Composer Stager makes long-running Composer commands safe to run on a codebase in production by "staging" them--performing them on a non-live copy of the codebase and syncing back the result for the least possible downtime.
Composer Stager enables PHP products and frameworks (like Drupal) to provide automated Composer-based self-updates for users without access to more robust solutions like staged and blue-green deployments--on restrictive or low-cost hosting, for example, or with little or no budget or development staff. It could conceivably be used with custom Composer-based apps, as well. It is not intended for end users.
It may not be obvious at first that a tool like this is really necessary. Why not just use Composer in-place? Or why not just rsync files out and back? It turns out that the problem is incredibly complex, and the edge cases are myriad:
You can't use Composer directly on a live codebase, because long-running commands put it in an unknown in-between state, and failures can irrecoverably corrupt it. The only safe option is to copy it elsewhere, run the commands there, and sync the result back to the live version. But...
You may not have write access to directories outside the codebase--especially on low end shared hosting--so you must provide a (more complicated) alternative strategy using a subdirectory of the live codebase.
You can't assume the availability of such tools as rsync, so you must provide detection and fallback capabilities.
There are lots of cross-platform issues, including Unix vs.

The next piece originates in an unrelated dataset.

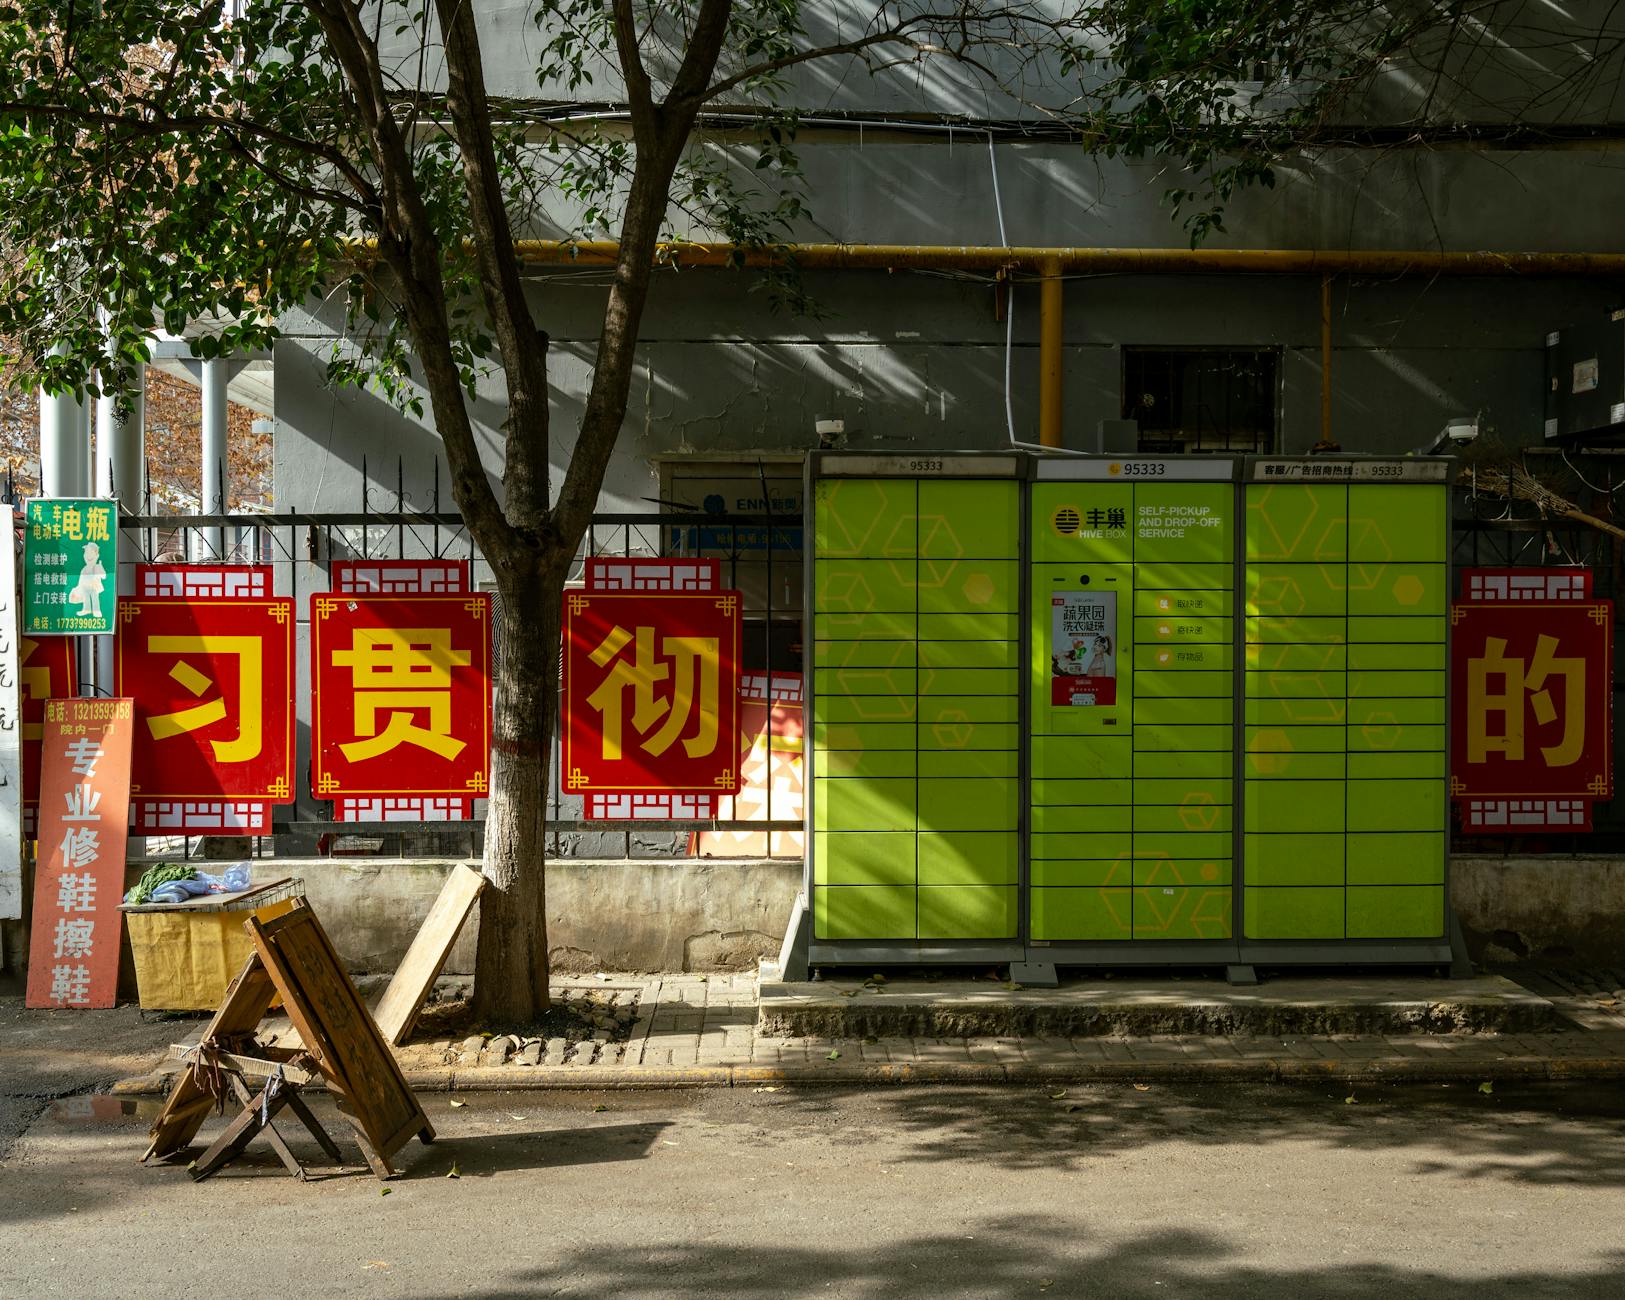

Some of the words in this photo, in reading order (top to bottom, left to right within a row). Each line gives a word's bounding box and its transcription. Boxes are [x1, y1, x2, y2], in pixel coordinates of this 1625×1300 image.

Windows paths, process execution peculiarities, disabled PHP functions, and symlink support, to name a few.
Symlinks represent a problem space unto themselves, with as many logical issues as technical ones.
Error messages must be translatable (i18n/l10n).
You have to account for non-code files, like user uploads, cache files, and logs that may be changed in the live codebase while Composer commands are being run on the copy and could be clobbered when syncing it back.
Failure to handle any of these challenges can easily have catastrophic results, including data loss or complete destruction of a live codebase. You need to anticipate and prevent them and provide actionable user feedback.
The list could go on. It should be obvious by now that a dedicated library is warranted.
The library is installed via Composer:
composer require php-tuf/composer-stager
It is invoked via its PHP API. Given a configured service container (see below), its services can be used like the following, for example:
class Updater
{
public function __construct(
private readonly BeginnerInterface $beginner,
private readonly StagerInterface $stager,
private readonly CommitterInterface $committer,
private readonly CleanerInterface $cleaner,
private readonly PathFactoryInterface $pathFactory,
private readonly PathListFactoryInterface $pathListFactory,
) {
}
public function update(): void
{
$activeDir = $this->pathFactory->create('/var/www/public');
$stagingDir = $this->pathFactory->create('/var/www/staging');
$exclusions = $this->pathListFactory->create(
'cache',
'uploads',
);
// Copy the codebase to the staging directory.
$this->beginner->begin($activeDir, $stagingDir, $exclusions);
// Run a Composer command on it.
$this->stager->stage([
'require',
'example/package',
'--update-with-all-dependencies',
], $activeDir, $stagingDir);
// Sync the changes back to the active directory.
$this->committer->commit($stagingDir, $activeDir, $exclusions);
// Remove the staging directory.
$this->cleaner->clean($stagingDir);
}
}
Composer Stager uses the dependency injection pattern, and its services are best accessed via a container that supports autowiring, e.g., Symfony's. (Manual wiring is brittle and therefore not officially supported.) See services.yml
for a working example.
A complete, functioning example implementation of Composer Stager can be found in the Composer Stager Console repository.
Pull requests are welcome. For major changes, please open an issue first to discuss what you would like to change. Observe the coding standards, and if you're able, add and update the tests as appropriate.